When I was a baby and a toddler, we danced, with me held close in your arms or standing on your feet, to damn near anything Fleetwood Mac or Buddy Holly produced. Thirty years later I can't imagine a more heartwarming image than you doing the same with my sister's beautiful daughter.
You let me learn how to shift the gears on the family's blue four-door Ford Escort, even on La Cresta with all its new stop signs. "Faith" by George Michael was on the tape deck and I thought the intro organ music was coming from the church down the street.
At Halloween, you were such a convincingly scary Igor that either Jeff Quilling or Michelle Dunn kicked you in the balls and you didn't break character. I mean, you already had a limp.
In the '80s, you bought the Smurf Suit, a Crayola-blue, two-piece rain coat and pants get-up, and kept it in the car trunk, ready to shamelessly wear in inclement weather on the sidelines of my soccer games. Until I was 25.
You drove my boyfriend and me to the seventh grade dance while "I Heard it through the Grapevine" played on the radio. Mike and I held hands in the back seat.
I got a little big for my britches and drove my friend's brand new Jeep all by myself... when I was 14... and I got pulled over. I think you laughed out loud, then made me pay for the ticket by myself. Which I chose to do with coins presented in a jar to the Ozaukee County judge.

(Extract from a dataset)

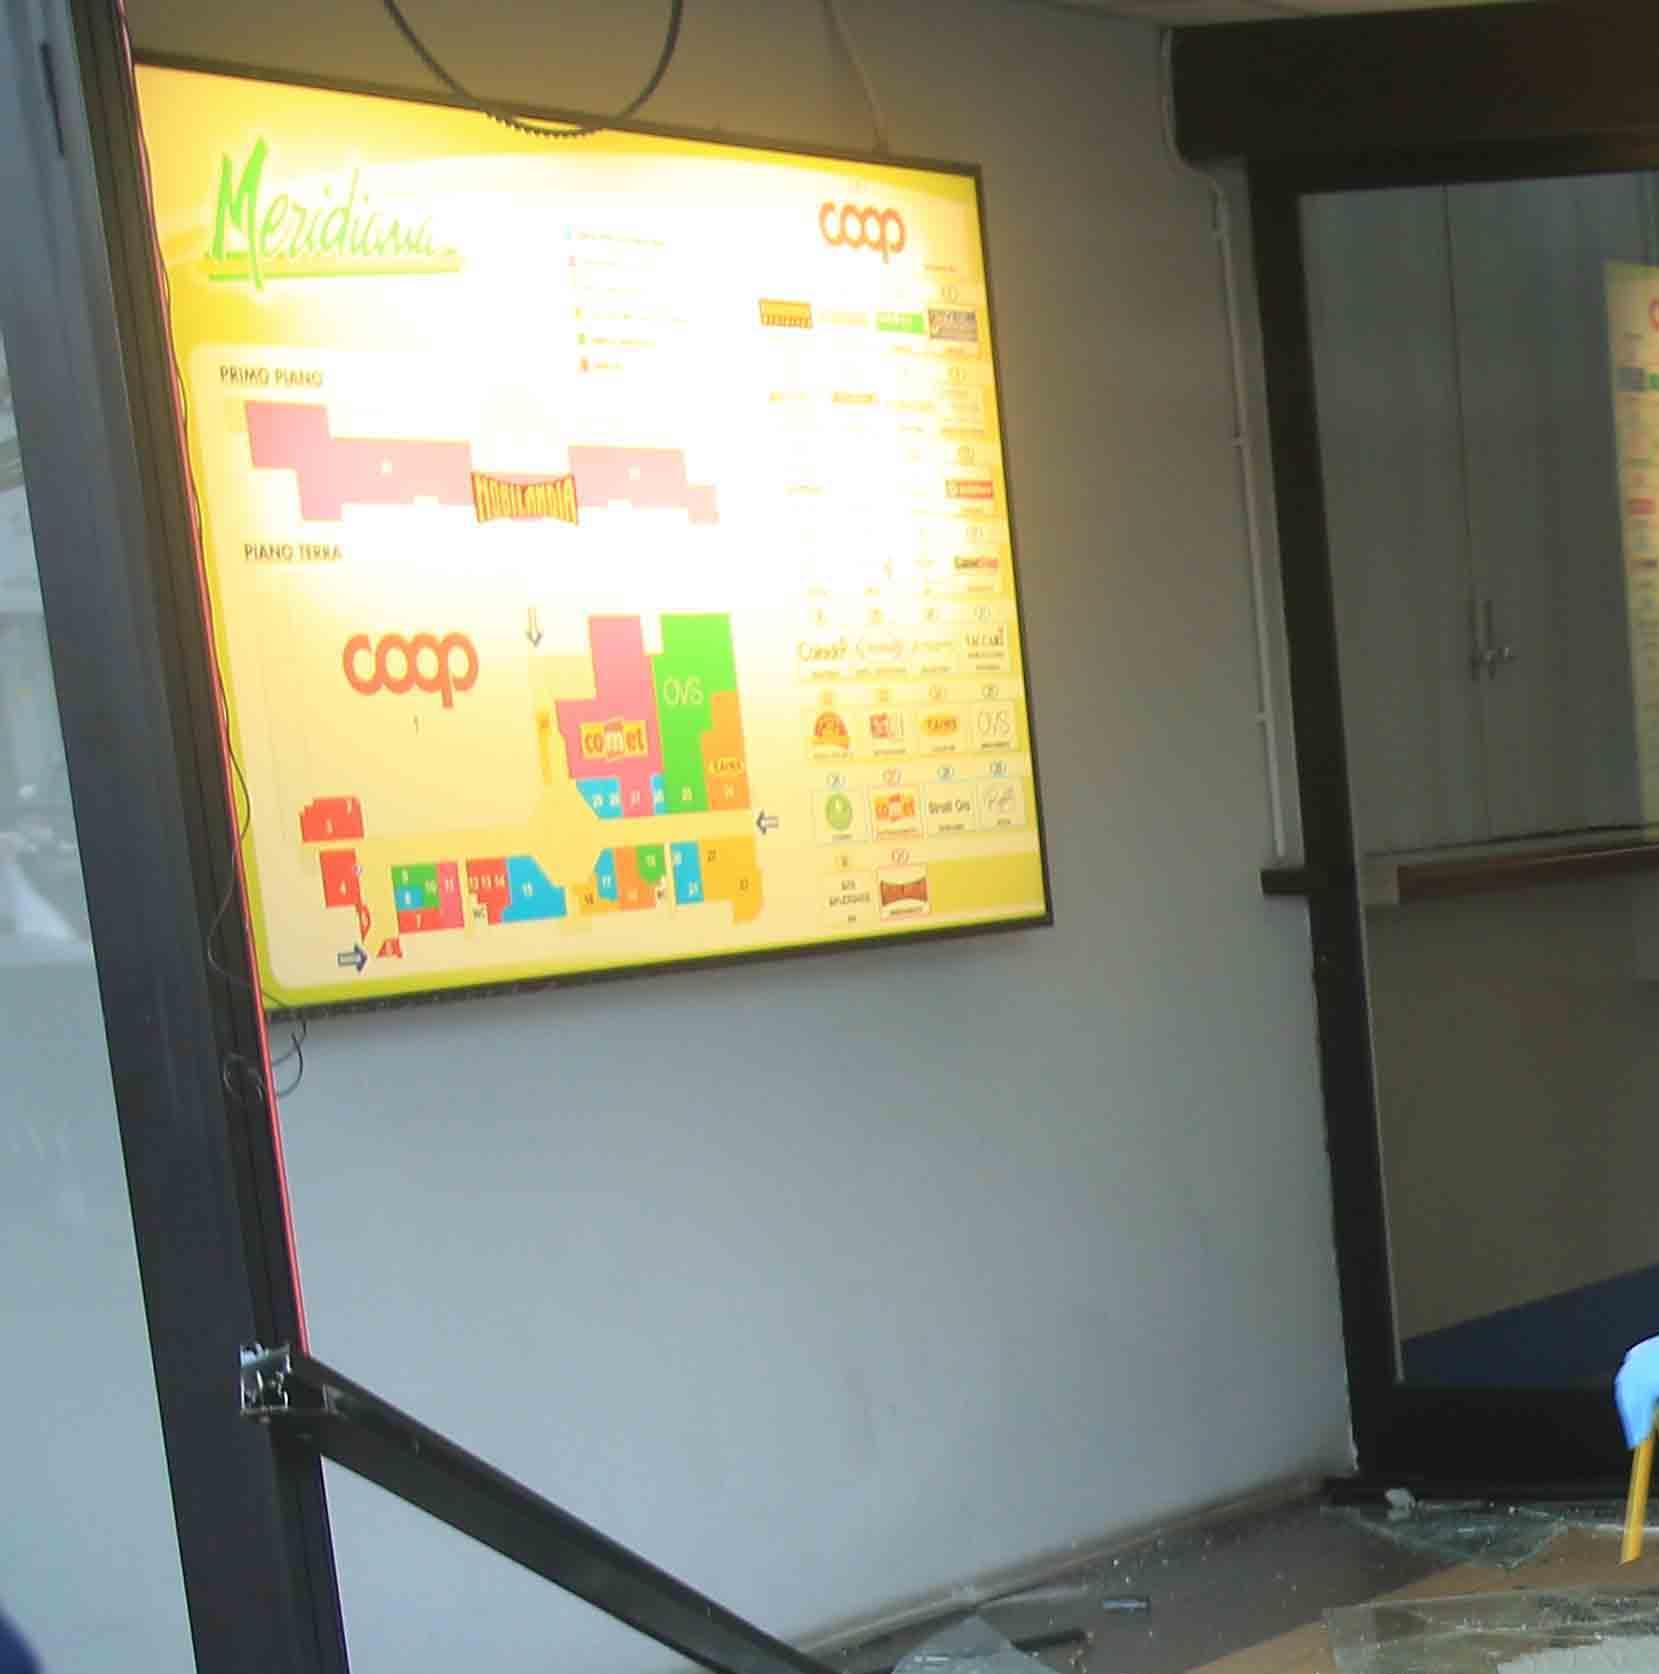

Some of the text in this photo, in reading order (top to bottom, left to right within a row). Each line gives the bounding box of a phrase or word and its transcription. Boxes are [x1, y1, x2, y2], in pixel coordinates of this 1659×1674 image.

In 1995 you left Owen and me home alone during Christmas vacation. On day 1, he and I took the emergency cash from the envelope in the kitchen cabinet and rented skis for the week and bought hill passes for everything within reasonable driving distance. You hollered, but God that was a great week.
For years and years, you kept telling me a dog is just a pet, not a member of the family. And then one morning when I was 15 I woke up to you making S-shaped pancakes... for Sydney. While cooing at him. What a good dog. What a good dad.
When it came time to spread Syd's ashes, you helped me do so with my loved ones close by in a quiet, dignified way that afforded me an opportunity to put that perfect relationship to rest.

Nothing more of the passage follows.